Emma se sentit, en
entrant, enveloppée par un air chaud, mélange du parfum des fleurs et du beau
linge, du fumet des viandes et de l’odeur des truffes.
Ainsi commence, dans Madame Bovary le célèbre
épisode du bal.
Essayons la modification suivante :
En entrant, Emma se sentit
enveloppée etc…
On a l’impression que l’action s’est accélérée.
L’effet produit sur le lecteur est beaucoup plus neutre : on raconte ce
qui se passe, rien de plus.
Alors, en quoi la première version est-elle
meilleure ?
Tout d’abord ce en entrant entouré de
virgules, ralentit la lecture. Emma n’entre pas dans la salle à manger du
château comme elle serait entrée dans sa propre maison. Là, elle est
intimidée : elle hésite. Nous aussi. Ensuite, nous avons une répétition du
son « en ». Flaubert était trop sensible à la musique des phrases
pour ne pas l’avoir fait exprès. Emma se sentit, en entrant,
enveloppée… La lourde sonorité des ces « en » à répétition
trahit le sentiment d’angoisse ressentit par Emma au moment où elle passe du
monde de la petite bourgeoisie à celui de la noblesse.

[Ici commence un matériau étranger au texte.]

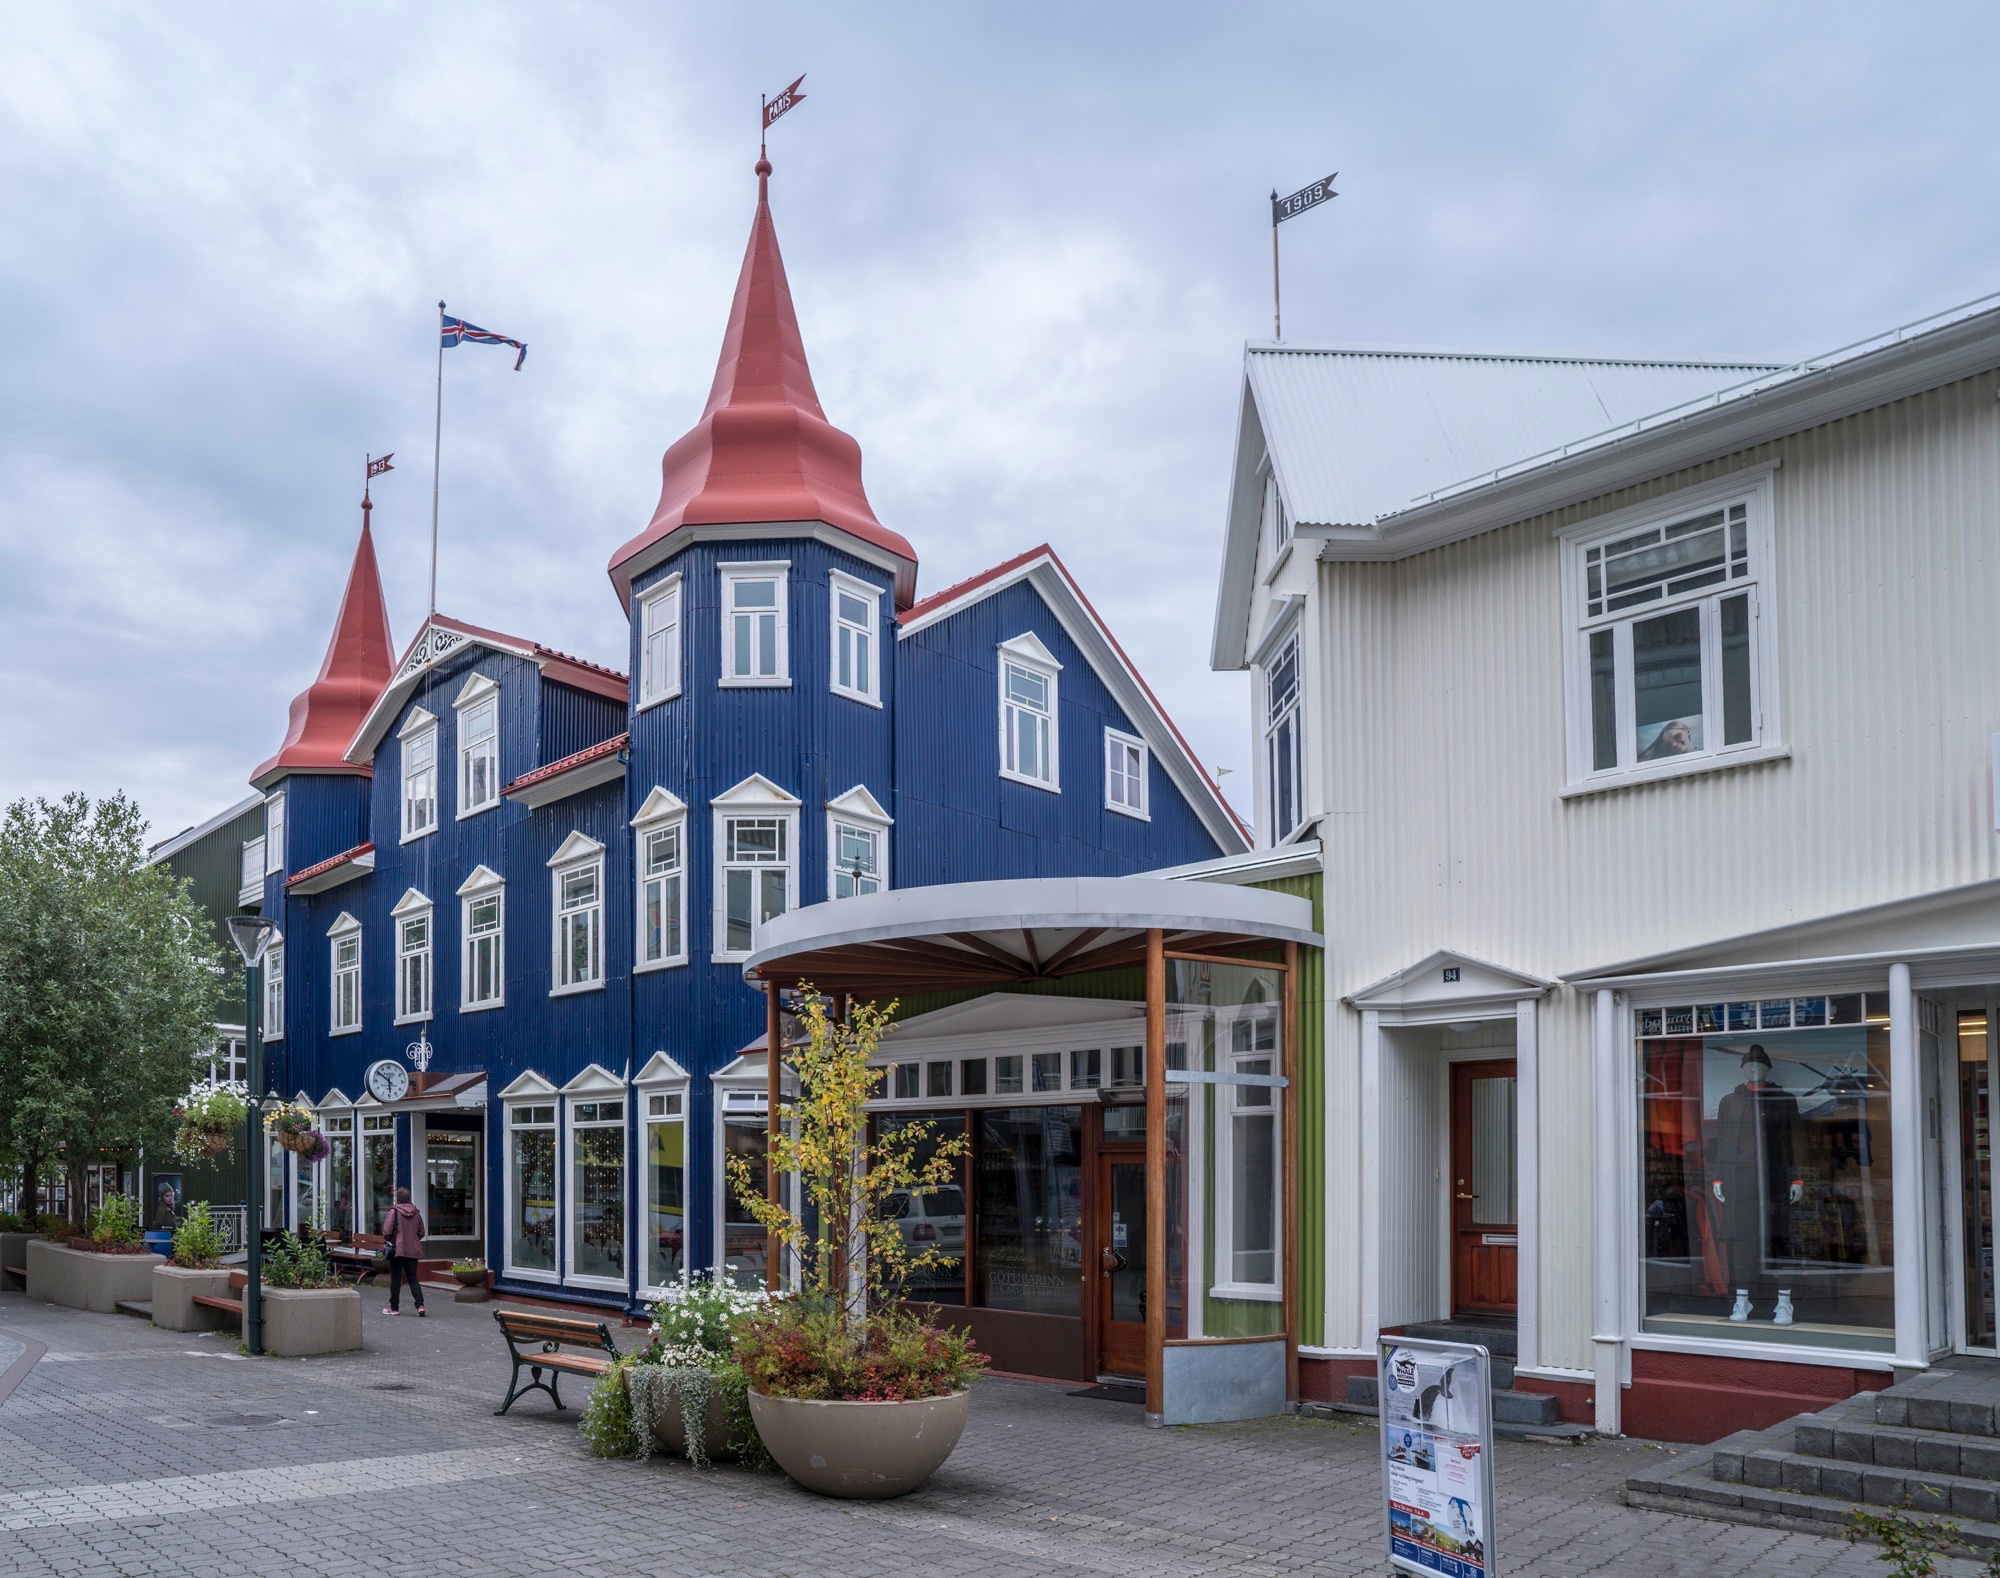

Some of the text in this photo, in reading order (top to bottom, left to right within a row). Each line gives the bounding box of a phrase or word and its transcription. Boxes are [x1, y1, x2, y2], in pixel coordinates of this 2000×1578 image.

[768, 92, 791, 121] PARIS
[1284, 185, 1323, 214] 1909
[1445, 969, 1457, 981] 94
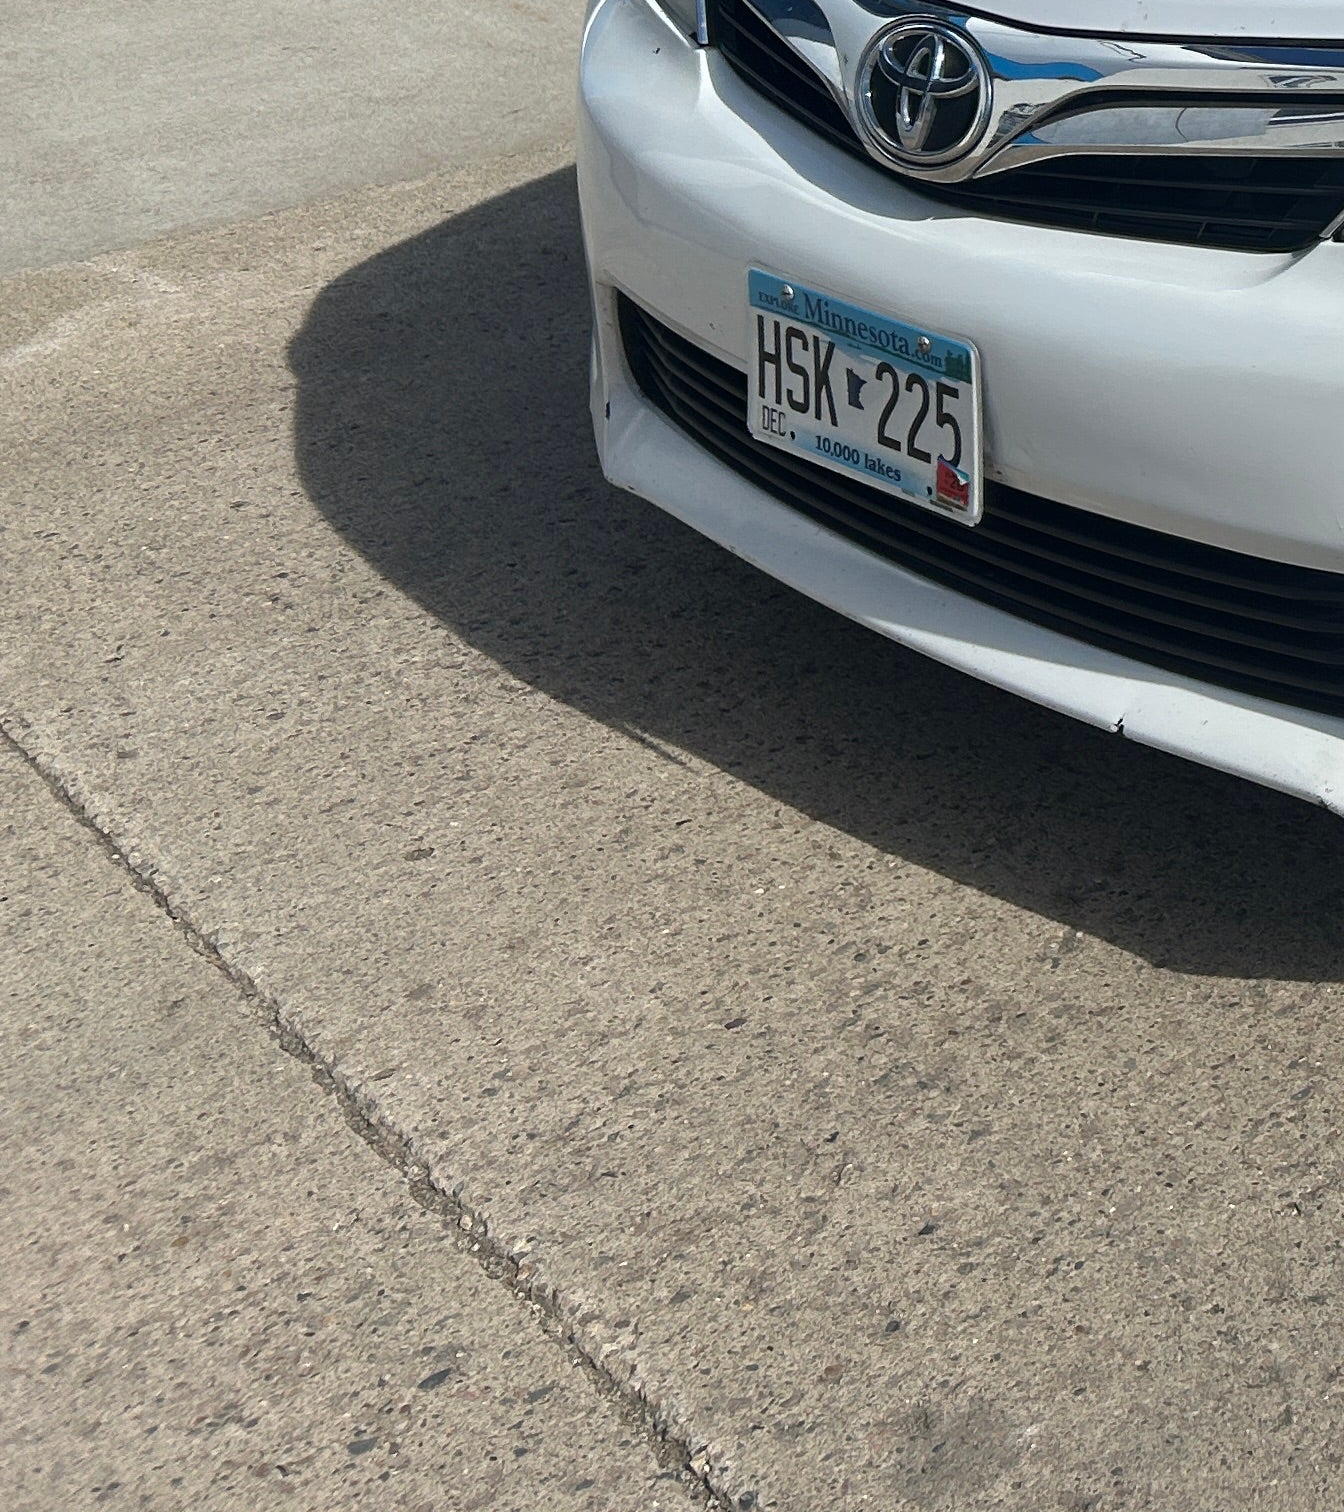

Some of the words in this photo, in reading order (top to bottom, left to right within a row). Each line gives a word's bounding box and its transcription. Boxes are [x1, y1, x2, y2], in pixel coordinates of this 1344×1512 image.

Cela s’appelle la magie du style. Tout Madame
Bovary est ainsi.
Depuis quelques décennies la plupart des lecteurs ne
sont plus sensibles au style. Il y a tout en éventail de raisons à cela :
explosion de l’audio-visuel, méthode globale, chahut dans les collèges, profs
qui sont soit dénués d’enthousiasme pour leur sujet, soit découragés par le
presque illettrisme de leurs élèves, soit encore indifférents eux-mêmes à la
beauté du texte. Lira-t-on encore Flaubert dans cinquante ans ? Il y a
déjà des profs qui le trouvent barbant…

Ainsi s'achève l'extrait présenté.